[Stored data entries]
<<<<

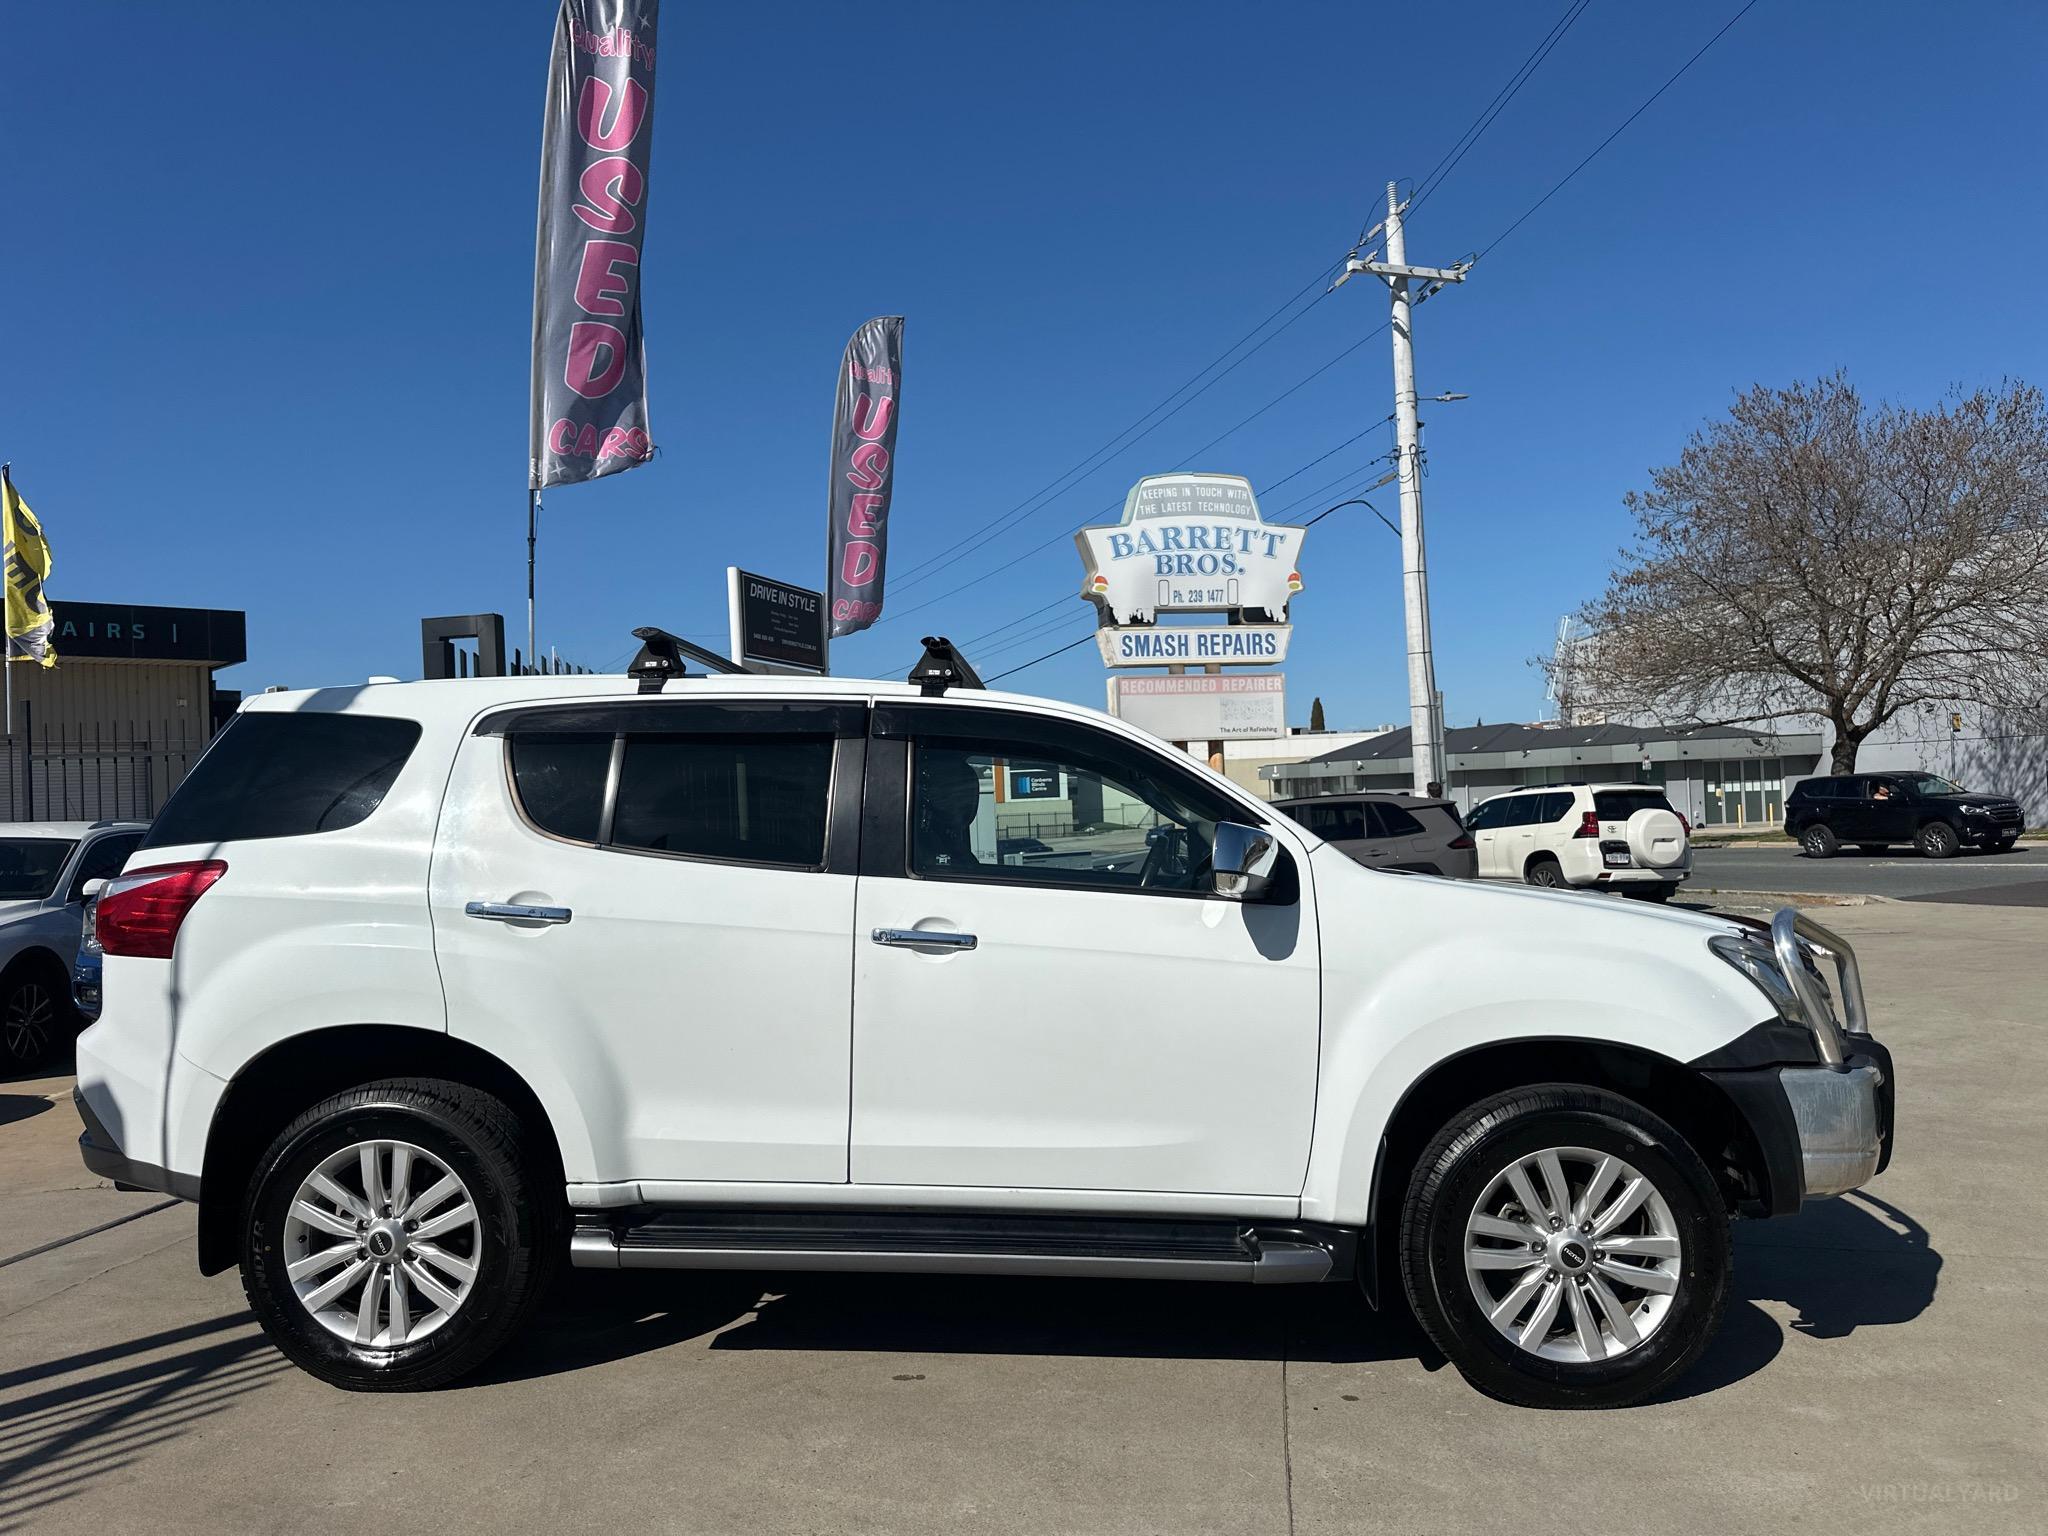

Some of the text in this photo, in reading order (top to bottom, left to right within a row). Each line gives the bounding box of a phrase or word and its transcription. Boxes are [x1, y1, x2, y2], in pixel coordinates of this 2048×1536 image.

[569, 17, 655, 71] Quality
[564, 75, 648, 399] USED
[549, 418, 649, 461] CARS
[841, 392, 895, 588] USED
[1142, 486, 1248, 500] KEEPING IN TOUCH WITH
[1140, 501, 1251, 515] THE LATEST TECHNOLOGY
[1107, 525, 1286, 560] BARRETT
[1154, 552, 1246, 576] BROS.
[750, 583, 816, 613] DRIVE IN STYLE
[1173, 589, 1224, 603] Ph. 239 1477
[833, 598, 881, 622] CAR
[61, 620, 145, 640] AIRS
[1122, 632, 1276, 657] SMASH REPAIRS
[1120, 678, 1282, 694] RECOMMENDED REPAIRER
[1250, 726, 1278, 734] Refinishing
[374, 1233, 388, 1254] ISUZU
[1563, 1247, 1585, 1264] ISUZU

>>>>

WORK TASK
Set down the entries again without change. Leave the pictures out.

TASK SOLUTION
Some of the text in this photo, in reading order (top to bottom, left to right within a row). Each line gives the bounding box of a phrase or word and its transcription. Boxes are [x1, y1, x2, y2], in pixel coordinates of this 2048×1536 image.

[569, 17, 655, 71] Quality
[564, 75, 648, 399] USED
[549, 418, 649, 461] CARS
[841, 392, 895, 588] USED
[1142, 486, 1248, 500] KEEPING IN TOUCH WITH
[1140, 501, 1251, 515] THE LATEST TECHNOLOGY
[1107, 525, 1286, 560] BARRETT
[1154, 552, 1246, 576] BROS.
[750, 583, 816, 613] DRIVE IN STYLE
[1173, 589, 1224, 603] Ph. 239 1477
[833, 598, 881, 622] CAR
[61, 620, 145, 640] AIRS
[1122, 632, 1276, 657] SMASH REPAIRS
[1120, 678, 1282, 694] RECOMMENDED REPAIRER
[1250, 726, 1278, 734] Refinishing
[374, 1233, 388, 1254] ISUZU
[1563, 1247, 1585, 1264] ISUZU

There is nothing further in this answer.